Genel olarak kabul ettiğimiz yaklaşım şu şekilde: hiçbir şikayeti veya ek risk faktörleri (kendinde veya ailede kanser öyküsü, geçmişteki önemli hastalıkları vs) yok ise yılda bir kez jinekolog kontrolü öneriyoruz. Hastalarımızın daha önce cinsel aktiviteleri yoksa adet düzeni ve miktarı, tüylenme, kasık ağrıları gibi şikayetlerini sorgulayıp karından ultrason yaparak rahim ve yumurtalıkları inceliyoruz. Bazı hastalarımızda rastlantısal olarak büyük yumurtalık kistleri veya rahimde miyom gibi kitlelerle karşılaşabiliyoruz. Bu açılardan bakınca cinsel ilişkisi olmayan kadınların da 18 yaşından itibaren bir jinekolog takibinde olmalarında fayda görüyoruz. Cinsel ilişki öyküsü bulunan hastalarımızda ise vajinal muayene de yaparak Smear Testi’ni de yapıyoruz. Bu muayeneyi de senelik olarak tekrarlıyoruz. Şunu hep akılda tutmak lazım: anormal vajinal kanamalar, anormal vajinal akıntılar veya geçmeyen ağrılar gibi jinekolojik belirtileri olan hastalarımızın vakit kaybetmeden jinekolog muayenesi olmaları gereklidir. Çoğu problemin daha başlangıç aşamasında çözümü daha kolay olmaktadır.

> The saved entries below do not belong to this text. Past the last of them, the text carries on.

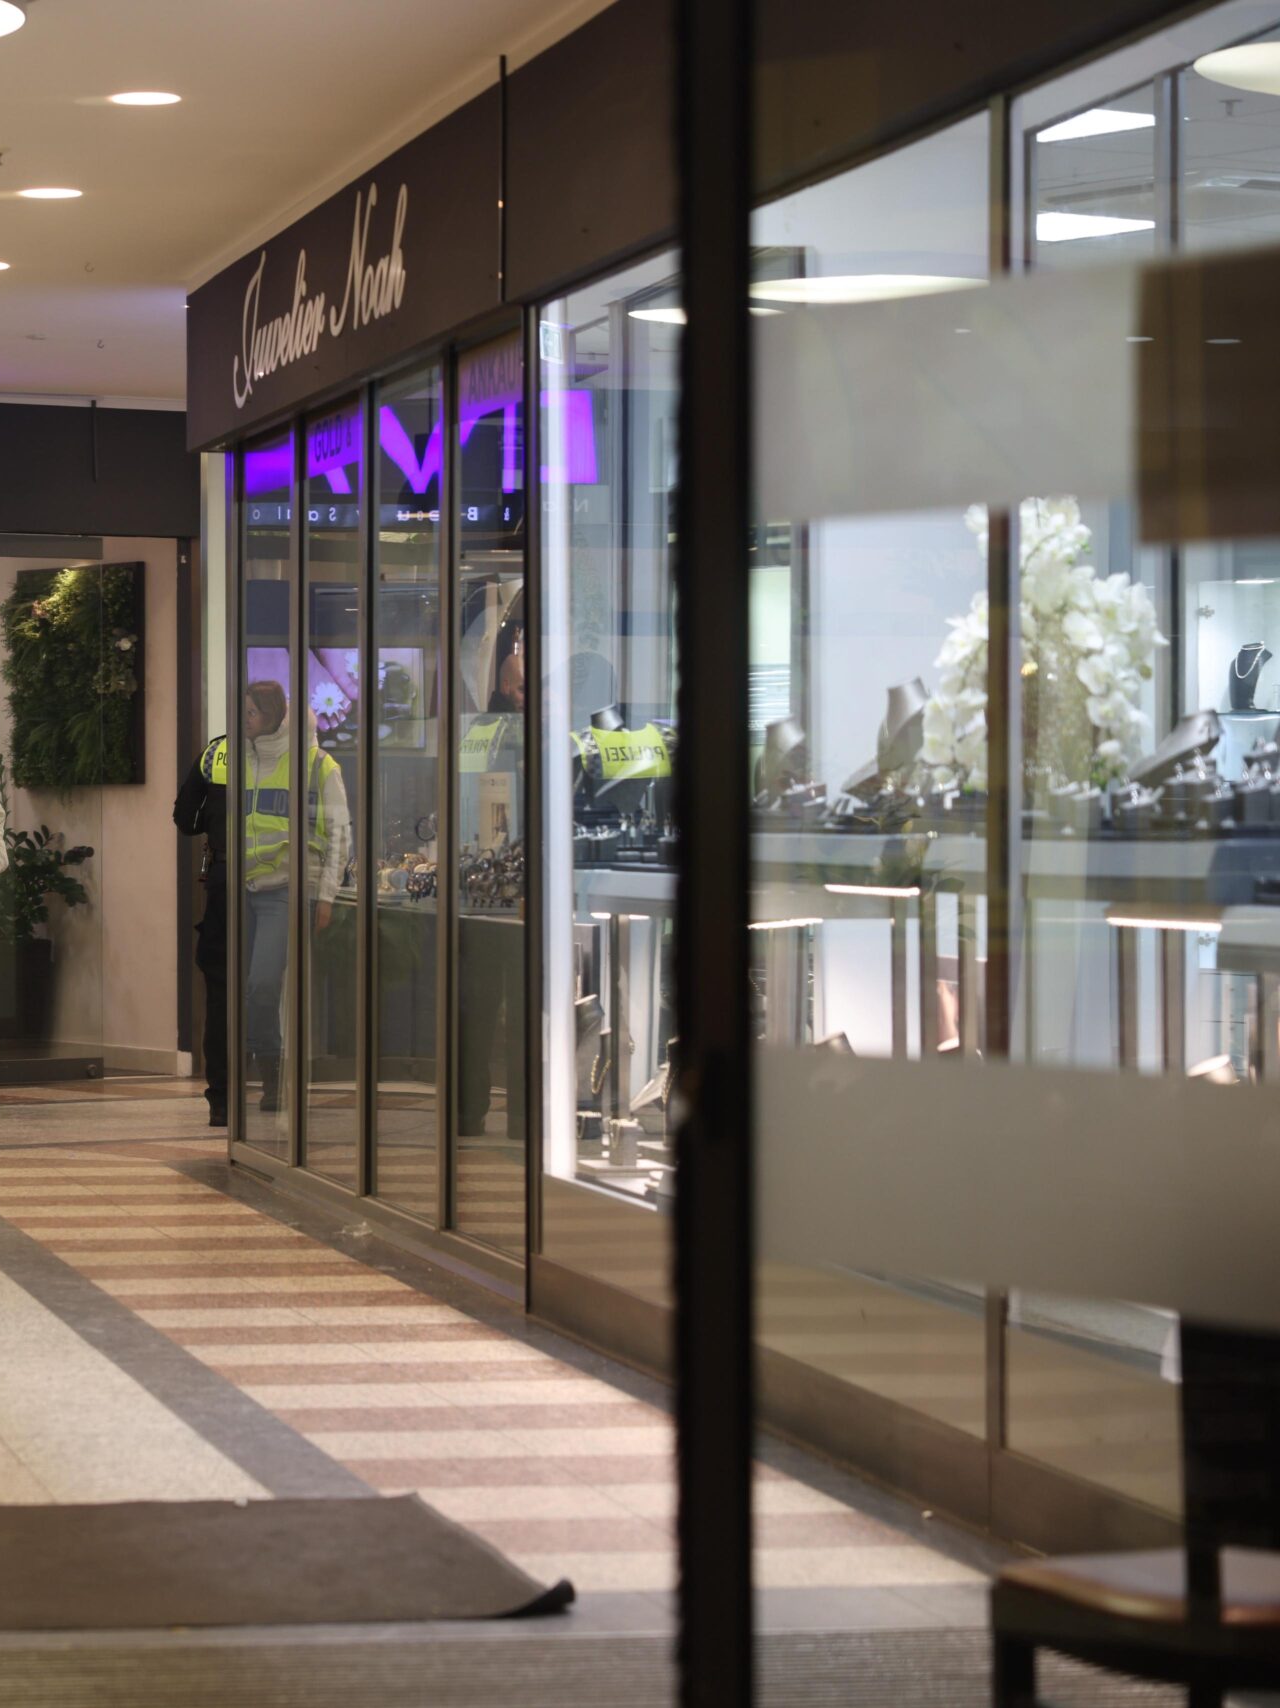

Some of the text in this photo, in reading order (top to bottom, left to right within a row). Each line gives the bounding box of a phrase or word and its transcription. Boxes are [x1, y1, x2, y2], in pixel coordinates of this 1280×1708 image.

[232, 182, 409, 409] Juwelier Noah
[314, 414, 342, 463] GOLD
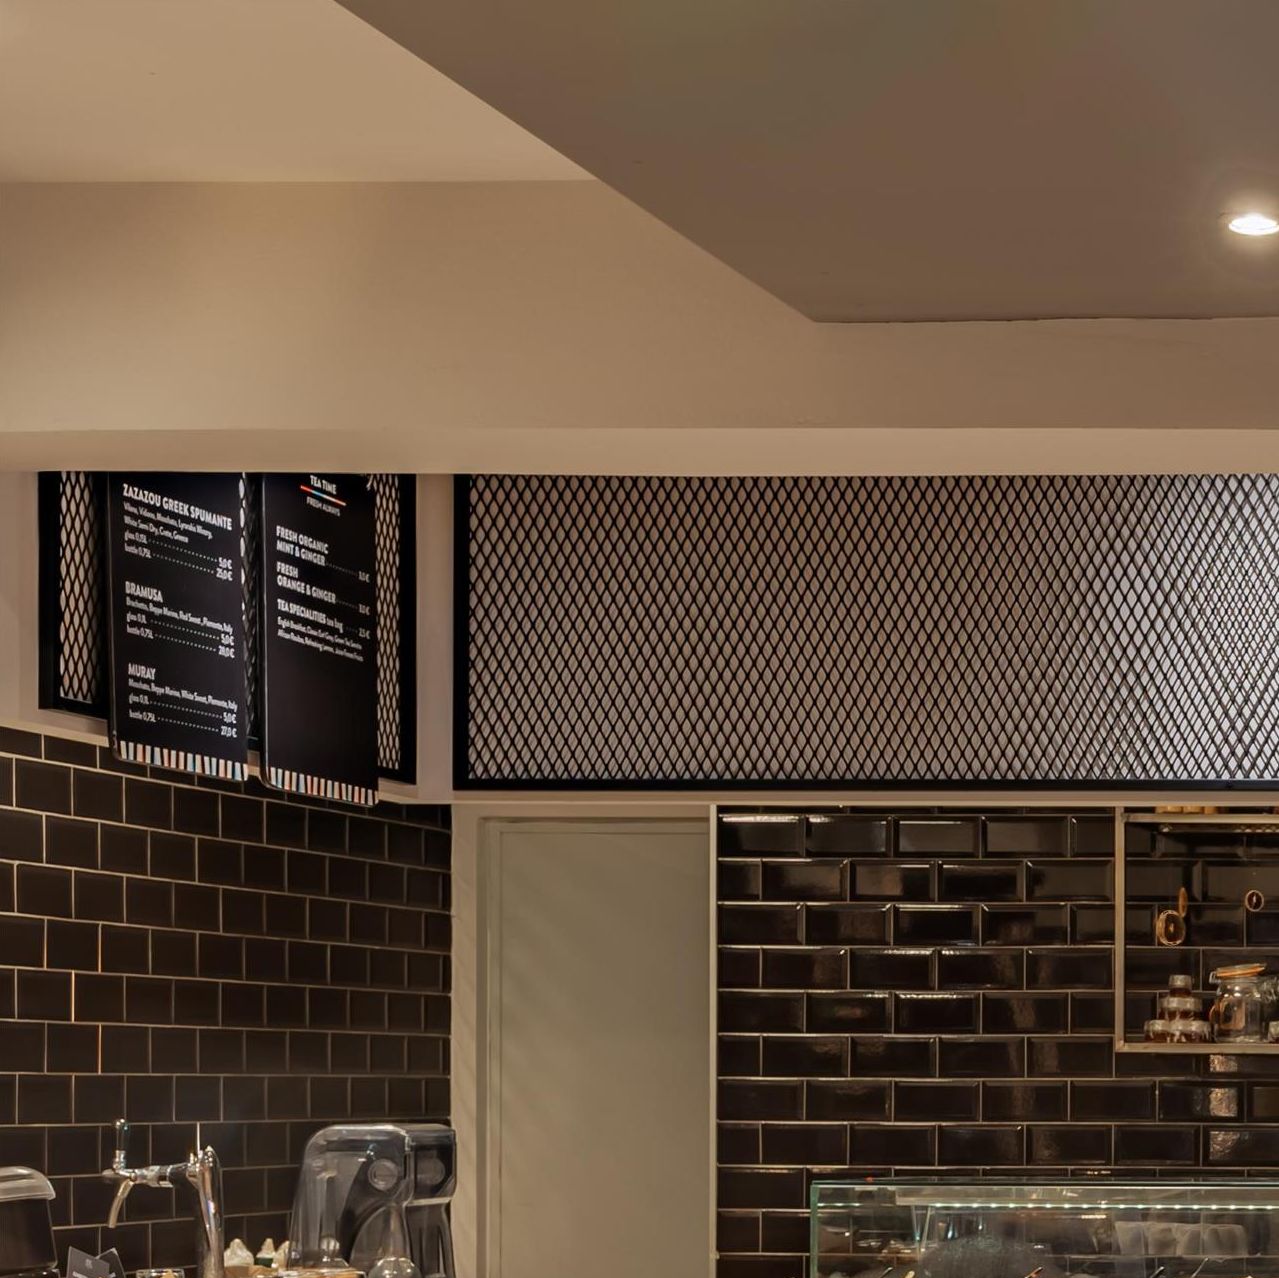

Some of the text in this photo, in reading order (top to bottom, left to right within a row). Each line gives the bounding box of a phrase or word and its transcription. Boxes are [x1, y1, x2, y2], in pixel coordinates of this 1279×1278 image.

[310, 475, 337, 495] TEA TIME
[122, 483, 232, 531] ZAZAZOU GREEK SPUMANTE
[276, 525, 329, 555] FRESH ORGANIC
[276, 540, 294, 556] MINT
[294, 546, 300, 558] &
[300, 548, 326, 567] GINGER
[276, 561, 299, 579] FRESH
[125, 581, 164, 603] BRAMUSA
[277, 575, 305, 594] ORANGE
[306, 584, 311, 596] &
[311, 586, 336, 604] GINGER
[277, 598, 289, 612] TEA
[289, 602, 326, 625] SPECIALITIES
[128, 662, 156, 680] MURAY
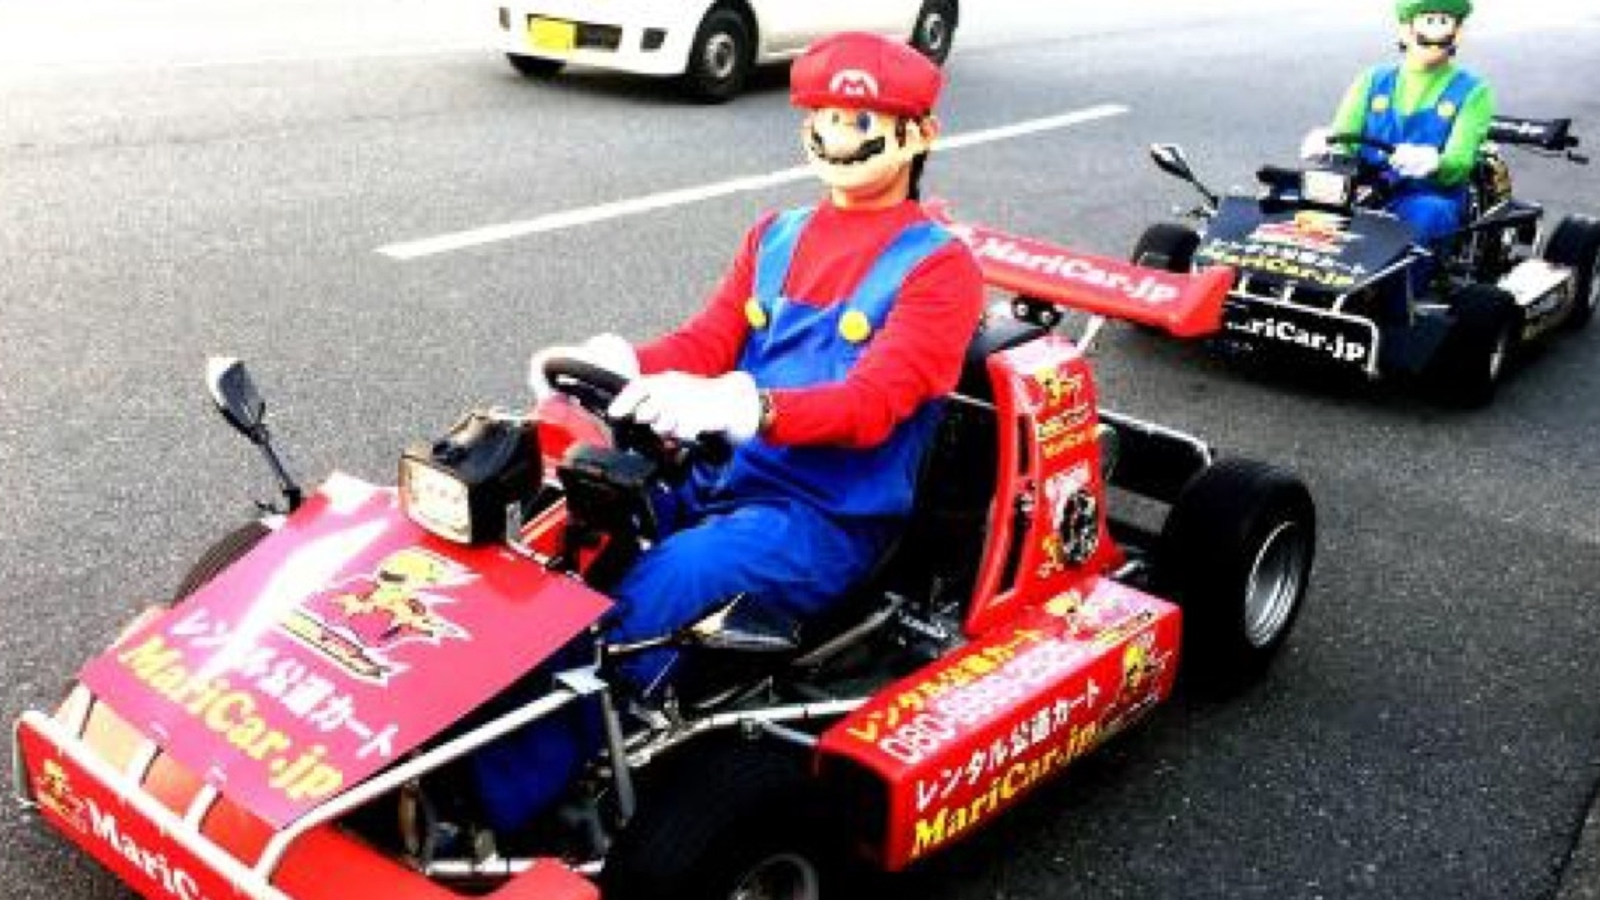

- 9. İzninizle tek cevaplı kelimelerimizi sormak istiyorum.
Kist: İçi sıvı dolu oluşum.
Miyom: Rahimde meydana gelen iyi huylu tümör.
Laparoskopi: Ufak kesilerden gerçekleştirilen karın operasyonu.
Kolposkopi: Rahim ağzının özel bir mikroskopla detaylı incelenmesi.